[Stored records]

=== Begin Enclosure ===

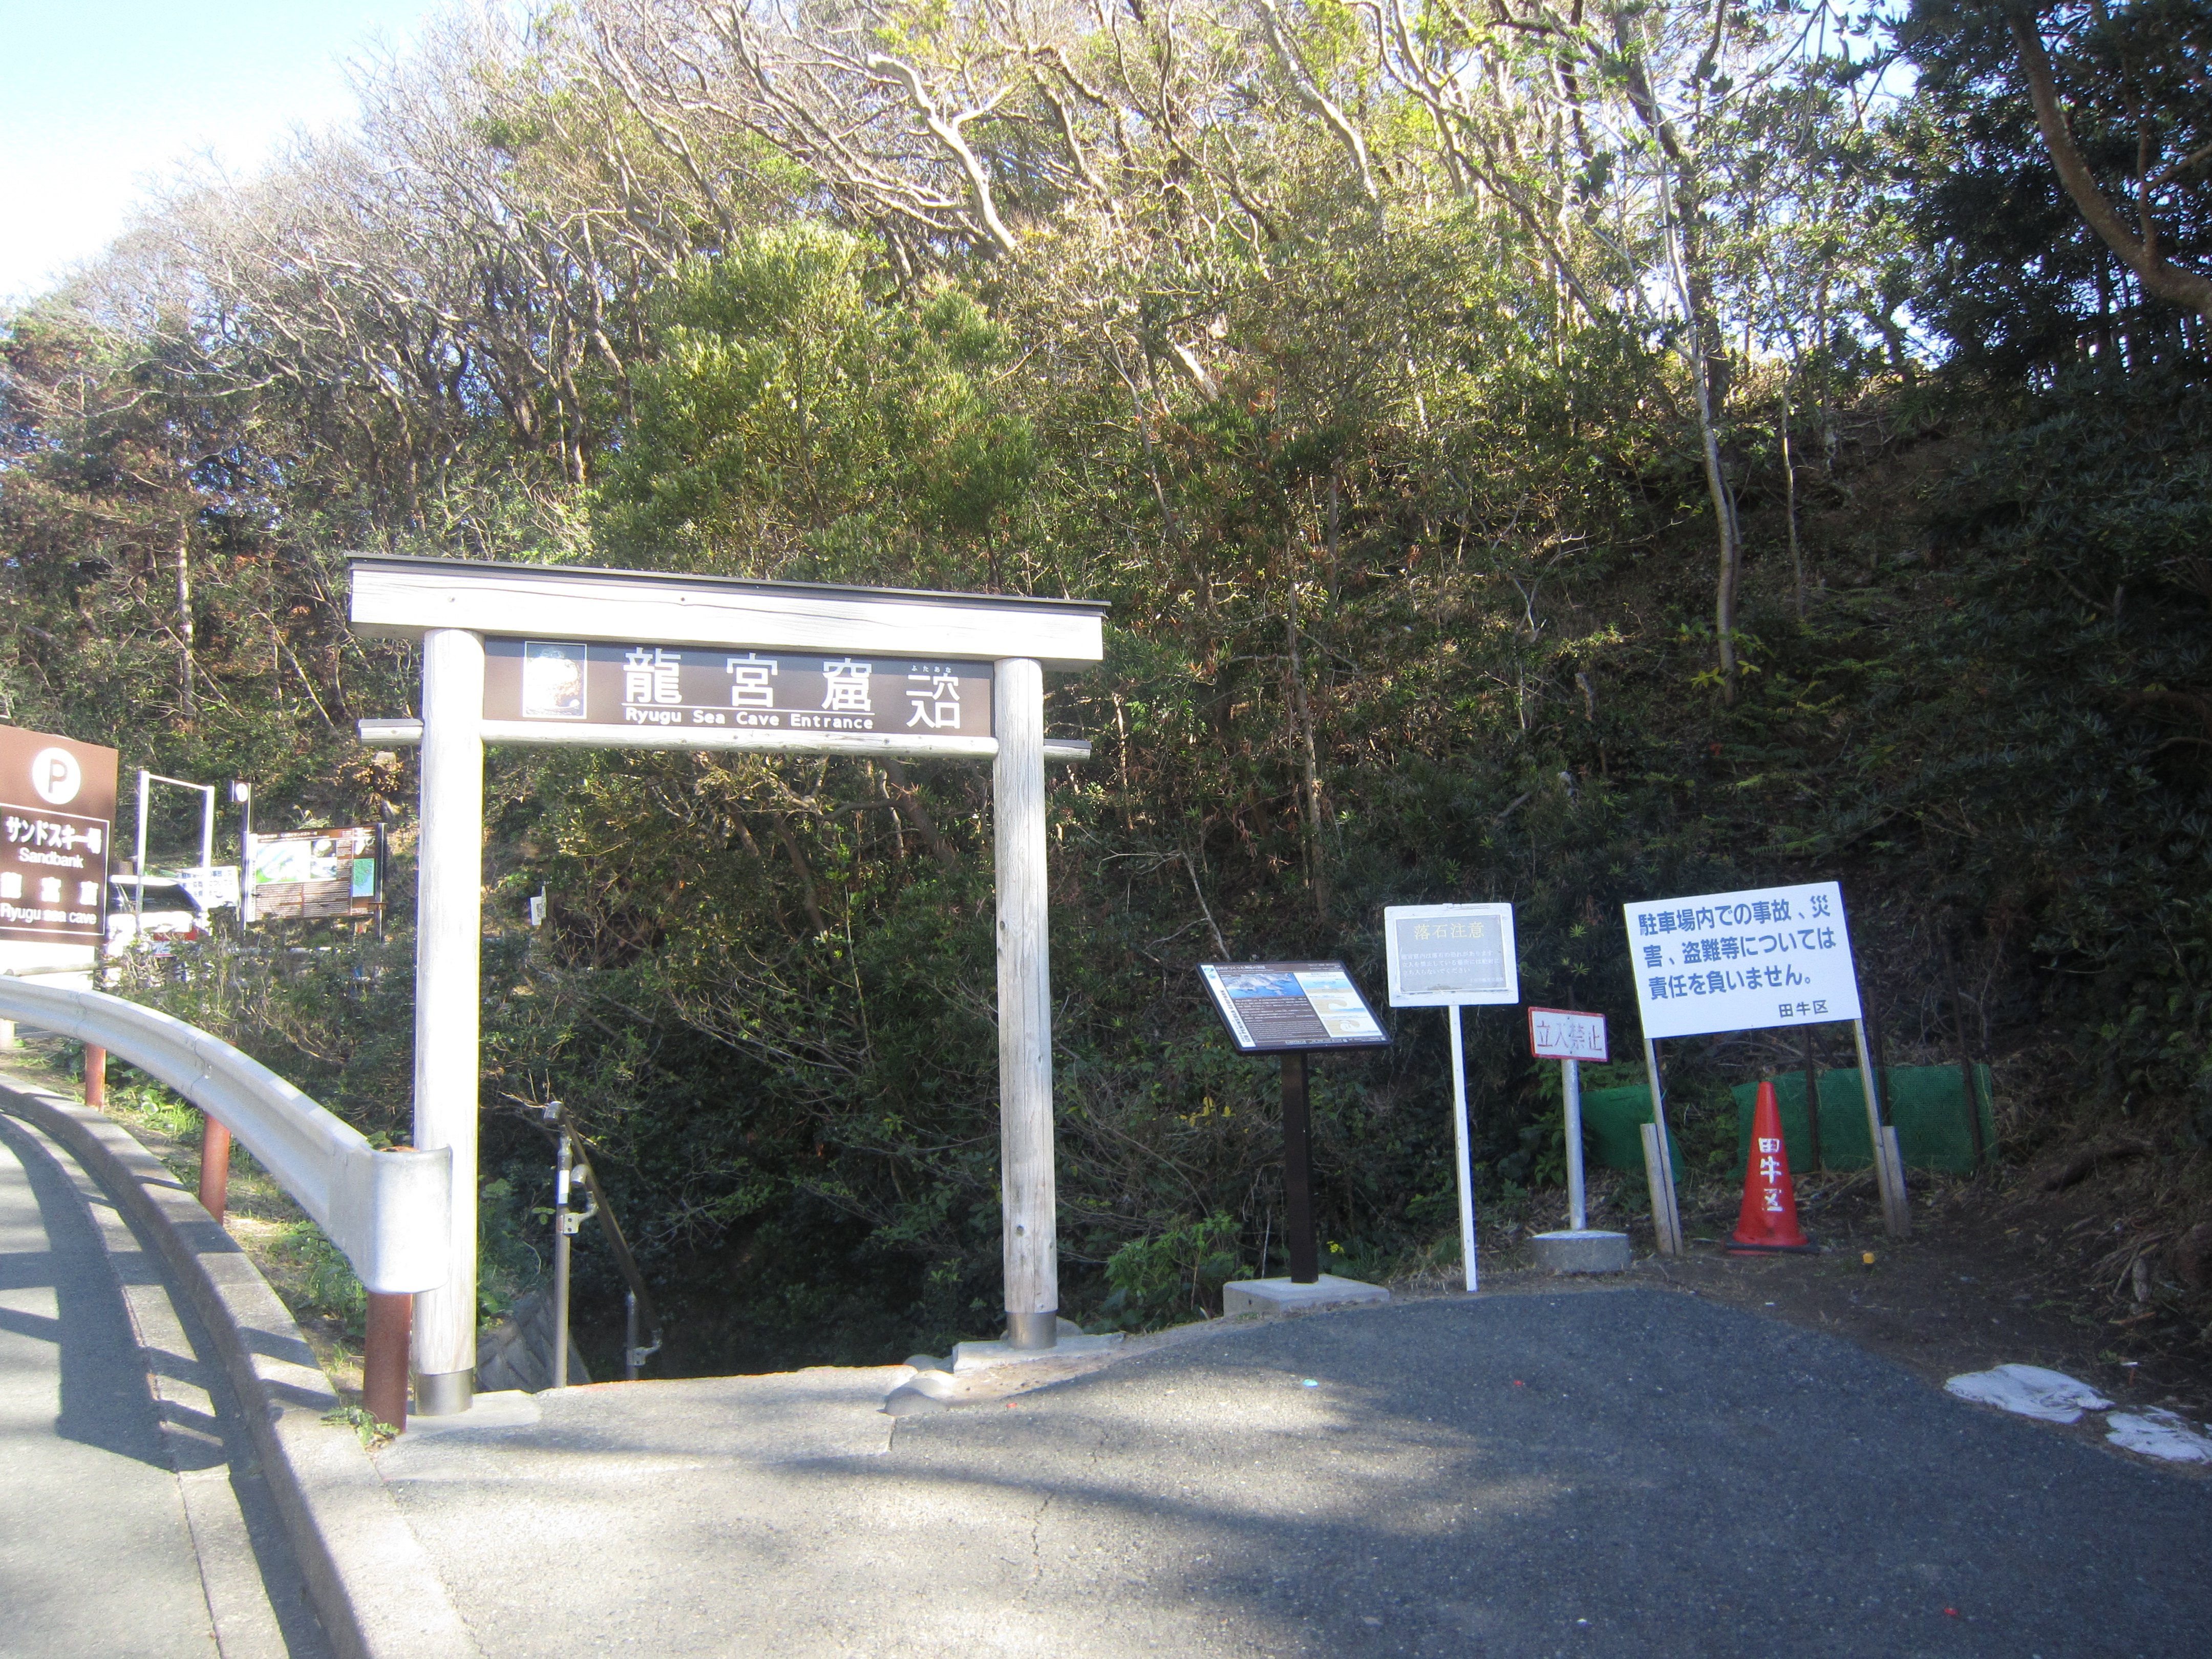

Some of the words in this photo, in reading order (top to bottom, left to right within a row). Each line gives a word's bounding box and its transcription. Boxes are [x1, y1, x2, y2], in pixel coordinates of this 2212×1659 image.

[623, 647, 872, 711] 龍宮窟
[911, 665, 952, 673] ふたあな
[626, 707, 682, 725] Ryugu
[693, 710, 726, 725] Sea
[736, 712, 779, 727] Cave
[791, 713, 874, 729] Entrance
[906, 700, 960, 729] 入口
[48, 758, 68, 794] P
[19, 847, 83, 868] Sandbank
[0, 902, 41, 923] Ryugu
[70, 912, 97, 924] cave
[1638, 895, 1831, 937] 駐車場内での事故、災
[1414, 921, 1484, 941] 落石注意
[1643, 927, 1837, 968] 害、盗難等については
[1648, 964, 1812, 1001] 責任を負いません。
[1778, 999, 1828, 1018] 田牛区
[1537, 1020, 1602, 1051] 立入禁止

=== End Enclosure ===

> _What is expected_
Your answer must be an exact copy of the records above, with every picture left out.

> _Written solution_
Some of the words in this photo, in reading order (top to bottom, left to right within a row). Each line gives a word's bounding box and its transcription. Boxes are [x1, y1, x2, y2], in pixel coordinates of this 2212×1659 image.

[623, 647, 872, 711] 龍宮窟
[911, 665, 952, 673] ふたあな
[626, 707, 682, 725] Ryugu
[693, 710, 726, 725] Sea
[736, 712, 779, 727] Cave
[791, 713, 874, 729] Entrance
[906, 700, 960, 729] 入口
[48, 758, 68, 794] P
[19, 847, 83, 868] Sandbank
[0, 902, 41, 923] Ryugu
[70, 912, 97, 924] cave
[1638, 895, 1831, 937] 駐車場内での事故、災
[1414, 921, 1484, 941] 落石注意
[1643, 927, 1837, 968] 害、盗難等については
[1648, 964, 1812, 1001] 責任を負いません。
[1778, 999, 1828, 1018] 田牛区
[1537, 1020, 1602, 1051] 立入禁止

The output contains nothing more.